Calma, calma, se dijo. Son engaños de la mente. Las primeras herramientas de que el tormento se sirve para acontecer. Habrá más, y he de estar preparado para rechazarlas, exorcizarlas. Si el instrumento de mi propio martirio seré yo mismo, no hay otro que pueda redimirme, sofocar las hordas de métodos que atesoro contra mí…

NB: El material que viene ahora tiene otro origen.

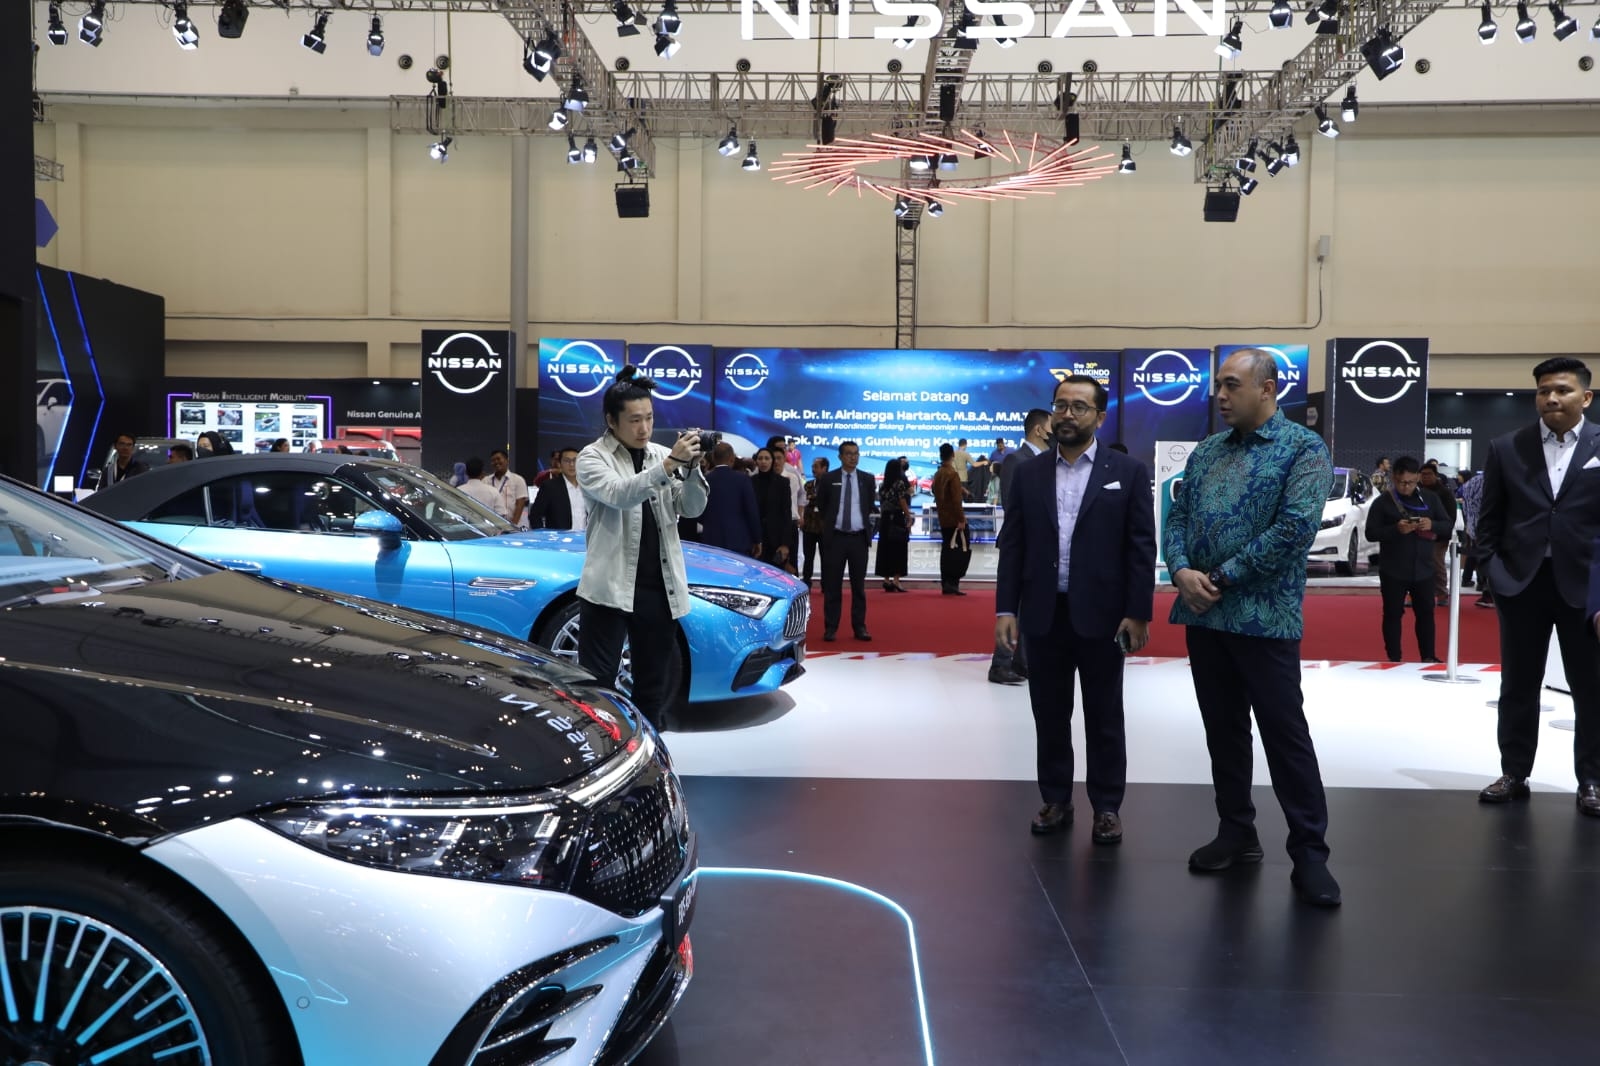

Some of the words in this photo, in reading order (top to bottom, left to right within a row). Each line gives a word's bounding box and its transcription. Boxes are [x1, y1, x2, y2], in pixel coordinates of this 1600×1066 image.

¿Para qué todo esto? ¿Qué finalidad persiguen quienes me retienen, quienes desplegaron este engaño retorcido, tan elaborado e inverosímil? El cuadro… ¿Qué ingeniería logra esos resultados? ¿Quién puede desalojar el museo para una puesta en escena tan desproporcionada? ¿Qué importancia revisto para esta gente que llega a estos extremos para tenderme una trampa sutil y elegante? ¿Desconozco algo de mí que otros conocen? Pero, todas mis respuestas, aquí abajo (otra vez abajo), acaso tengan la forma de una paradoja. Estar encerrado en uno mismo… Porque aunque no estuviera sujeto a esta silla (que cada vez se parece más a un trono), dudo mucho que mi situación cambiaría en algo: cada vez es mayor mi convencimiento de que esta estancia es, cuanto menos, cuasi infinita. No podría comenzar a imaginar cómo salir de un lugar que aparenta no tener salida. Contradicciones; abundan por aquí. Tal vez debería pensar en otras cuestiones, deshacer los vínculos mentales que me unen con este lugar. Quizás, incluso, así podría volver al instante en que miré el cuadro. Quizás podría volver al momento anterior a entrar en el museo, al preciso instante en que, por aburrimiento, incliné mis pasos, como tantas veces, hacia él. Cancelar, en definitiva, el orden de sucesos y su desfavorable desenlace. Si al menos fuera plausible formular una hipótesis… Una interpretación tentativa… Justamente esto debe ser el vacío. La Nada; que no admite explicaciones.

¿Cómo saber?

¿Puedo saber que mañana me despertaré? No. Pero lo creo. Porque es conveniente. Entonces, tal vez, sólo debo creer lo que sea ventajoso y medianamente convincente, verosímil…
Intentó en vano revelar las entidades ocultas a través de indicios frágiles, pero no estaba seguro si esas pistas eran en realidad un producto de su voluntad de develar. Así pues, los supuestos que establecía se desmoronaban estrepitosa y disuasoriamente aún antes de tomar forma, una mínima consistencia.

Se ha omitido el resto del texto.